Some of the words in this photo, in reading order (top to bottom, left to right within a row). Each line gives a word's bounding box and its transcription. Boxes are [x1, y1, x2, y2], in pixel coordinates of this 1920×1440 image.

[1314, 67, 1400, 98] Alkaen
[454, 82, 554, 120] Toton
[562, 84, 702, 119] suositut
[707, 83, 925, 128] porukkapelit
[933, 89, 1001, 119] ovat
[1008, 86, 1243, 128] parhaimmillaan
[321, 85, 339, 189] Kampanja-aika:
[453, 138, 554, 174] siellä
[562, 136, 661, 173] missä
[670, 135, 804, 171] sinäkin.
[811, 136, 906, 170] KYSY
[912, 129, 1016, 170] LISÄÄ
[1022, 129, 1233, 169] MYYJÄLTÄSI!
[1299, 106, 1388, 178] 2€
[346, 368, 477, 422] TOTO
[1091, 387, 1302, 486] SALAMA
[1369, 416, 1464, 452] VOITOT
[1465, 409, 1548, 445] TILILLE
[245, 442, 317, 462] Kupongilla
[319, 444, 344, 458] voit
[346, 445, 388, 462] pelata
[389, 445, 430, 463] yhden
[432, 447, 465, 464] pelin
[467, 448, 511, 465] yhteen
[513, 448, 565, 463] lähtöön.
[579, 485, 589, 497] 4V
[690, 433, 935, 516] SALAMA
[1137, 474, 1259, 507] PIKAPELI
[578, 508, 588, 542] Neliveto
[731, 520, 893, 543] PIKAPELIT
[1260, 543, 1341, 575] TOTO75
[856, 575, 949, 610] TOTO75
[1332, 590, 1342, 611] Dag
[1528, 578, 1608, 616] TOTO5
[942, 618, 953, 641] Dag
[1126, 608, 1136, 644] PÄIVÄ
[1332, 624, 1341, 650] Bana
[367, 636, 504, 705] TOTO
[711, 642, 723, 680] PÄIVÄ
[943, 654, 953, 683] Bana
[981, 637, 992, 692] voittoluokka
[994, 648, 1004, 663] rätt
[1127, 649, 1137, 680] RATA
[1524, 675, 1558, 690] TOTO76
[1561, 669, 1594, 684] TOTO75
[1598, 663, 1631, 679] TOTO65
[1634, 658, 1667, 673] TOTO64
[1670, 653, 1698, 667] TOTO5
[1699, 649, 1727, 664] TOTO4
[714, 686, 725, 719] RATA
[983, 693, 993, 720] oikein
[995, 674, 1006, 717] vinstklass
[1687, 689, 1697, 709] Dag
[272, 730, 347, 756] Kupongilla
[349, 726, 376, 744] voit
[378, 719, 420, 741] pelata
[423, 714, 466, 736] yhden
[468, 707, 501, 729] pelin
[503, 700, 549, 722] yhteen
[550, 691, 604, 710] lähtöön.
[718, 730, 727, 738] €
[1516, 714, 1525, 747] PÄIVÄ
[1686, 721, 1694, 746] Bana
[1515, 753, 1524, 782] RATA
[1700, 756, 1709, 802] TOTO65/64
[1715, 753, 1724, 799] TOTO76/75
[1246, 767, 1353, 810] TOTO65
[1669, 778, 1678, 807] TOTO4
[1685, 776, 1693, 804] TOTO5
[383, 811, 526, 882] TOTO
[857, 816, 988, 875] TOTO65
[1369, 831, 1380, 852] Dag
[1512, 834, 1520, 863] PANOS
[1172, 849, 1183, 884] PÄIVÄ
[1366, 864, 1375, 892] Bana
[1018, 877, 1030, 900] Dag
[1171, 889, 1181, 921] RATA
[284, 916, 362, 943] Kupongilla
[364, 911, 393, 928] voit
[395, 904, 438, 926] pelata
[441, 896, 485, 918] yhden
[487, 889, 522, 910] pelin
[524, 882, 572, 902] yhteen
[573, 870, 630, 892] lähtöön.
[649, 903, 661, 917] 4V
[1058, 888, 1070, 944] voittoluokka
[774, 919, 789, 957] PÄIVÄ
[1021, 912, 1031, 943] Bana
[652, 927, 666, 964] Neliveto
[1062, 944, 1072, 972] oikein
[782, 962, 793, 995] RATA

━━━

WORK ITEM:
The full set of entries above should be given again exactly.

EXERCISE ANSWER:
Some of the words in this photo, in reading order (top to bottom, left to right within a row). Each line gives a word's bounding box and its transcription. Boxes are [x1, y1, x2, y2], in pixel coordinates of this 1920×1440 image.

[1314, 67, 1400, 98] Alkaen
[454, 82, 554, 120] Toton
[562, 84, 702, 119] suositut
[707, 83, 925, 128] porukkapelit
[933, 89, 1001, 119] ovat
[1008, 86, 1243, 128] parhaimmillaan
[321, 85, 339, 189] Kampanja-aika:
[453, 138, 554, 174] siellä
[562, 136, 661, 173] missä
[670, 135, 804, 171] sinäkin.
[811, 136, 906, 170] KYSY
[912, 129, 1016, 170] LISÄÄ
[1022, 129, 1233, 169] MYYJÄLTÄSI!
[1299, 106, 1388, 178] 2€
[346, 368, 477, 422] TOTO
[1091, 387, 1302, 486] SALAMA
[1369, 416, 1464, 452] VOITOT
[1465, 409, 1548, 445] TILILLE
[245, 442, 317, 462] Kupongilla
[319, 444, 344, 458] voit
[346, 445, 388, 462] pelata
[389, 445, 430, 463] yhden
[432, 447, 465, 464] pelin
[467, 448, 511, 465] yhteen
[513, 448, 565, 463] lähtöön.
[579, 485, 589, 497] 4V
[690, 433, 935, 516] SALAMA
[1137, 474, 1259, 507] PIKAPELI
[578, 508, 588, 542] Neliveto
[731, 520, 893, 543] PIKAPELIT
[1260, 543, 1341, 575] TOTO75
[856, 575, 949, 610] TOTO75
[1332, 590, 1342, 611] Dag
[1528, 578, 1608, 616] TOTO5
[942, 618, 953, 641] Dag
[1126, 608, 1136, 644] PÄIVÄ
[1332, 624, 1341, 650] Bana
[367, 636, 504, 705] TOTO
[711, 642, 723, 680] PÄIVÄ
[943, 654, 953, 683] Bana
[981, 637, 992, 692] voittoluokka
[994, 648, 1004, 663] rätt
[1127, 649, 1137, 680] RATA
[1524, 675, 1558, 690] TOTO76
[1561, 669, 1594, 684] TOTO75
[1598, 663, 1631, 679] TOTO65
[1634, 658, 1667, 673] TOTO64
[1670, 653, 1698, 667] TOTO5
[1699, 649, 1727, 664] TOTO4
[714, 686, 725, 719] RATA
[983, 693, 993, 720] oikein
[995, 674, 1006, 717] vinstklass
[1687, 689, 1697, 709] Dag
[272, 730, 347, 756] Kupongilla
[349, 726, 376, 744] voit
[378, 719, 420, 741] pelata
[423, 714, 466, 736] yhden
[468, 707, 501, 729] pelin
[503, 700, 549, 722] yhteen
[550, 691, 604, 710] lähtöön.
[718, 730, 727, 738] €
[1516, 714, 1525, 747] PÄIVÄ
[1686, 721, 1694, 746] Bana
[1515, 753, 1524, 782] RATA
[1700, 756, 1709, 802] TOTO65/64
[1715, 753, 1724, 799] TOTO76/75
[1246, 767, 1353, 810] TOTO65
[1669, 778, 1678, 807] TOTO4
[1685, 776, 1693, 804] TOTO5
[383, 811, 526, 882] TOTO
[857, 816, 988, 875] TOTO65
[1369, 831, 1380, 852] Dag
[1512, 834, 1520, 863] PANOS
[1172, 849, 1183, 884] PÄIVÄ
[1366, 864, 1375, 892] Bana
[1018, 877, 1030, 900] Dag
[1171, 889, 1181, 921] RATA
[284, 916, 362, 943] Kupongilla
[364, 911, 393, 928] voit
[395, 904, 438, 926] pelata
[441, 896, 485, 918] yhden
[487, 889, 522, 910] pelin
[524, 882, 572, 902] yhteen
[573, 870, 630, 892] lähtöön.
[649, 903, 661, 917] 4V
[1058, 888, 1070, 944] voittoluokka
[774, 919, 789, 957] PÄIVÄ
[1021, 912, 1031, 943] Bana
[652, 927, 666, 964] Neliveto
[1062, 944, 1072, 972] oikein
[782, 962, 793, 995] RATA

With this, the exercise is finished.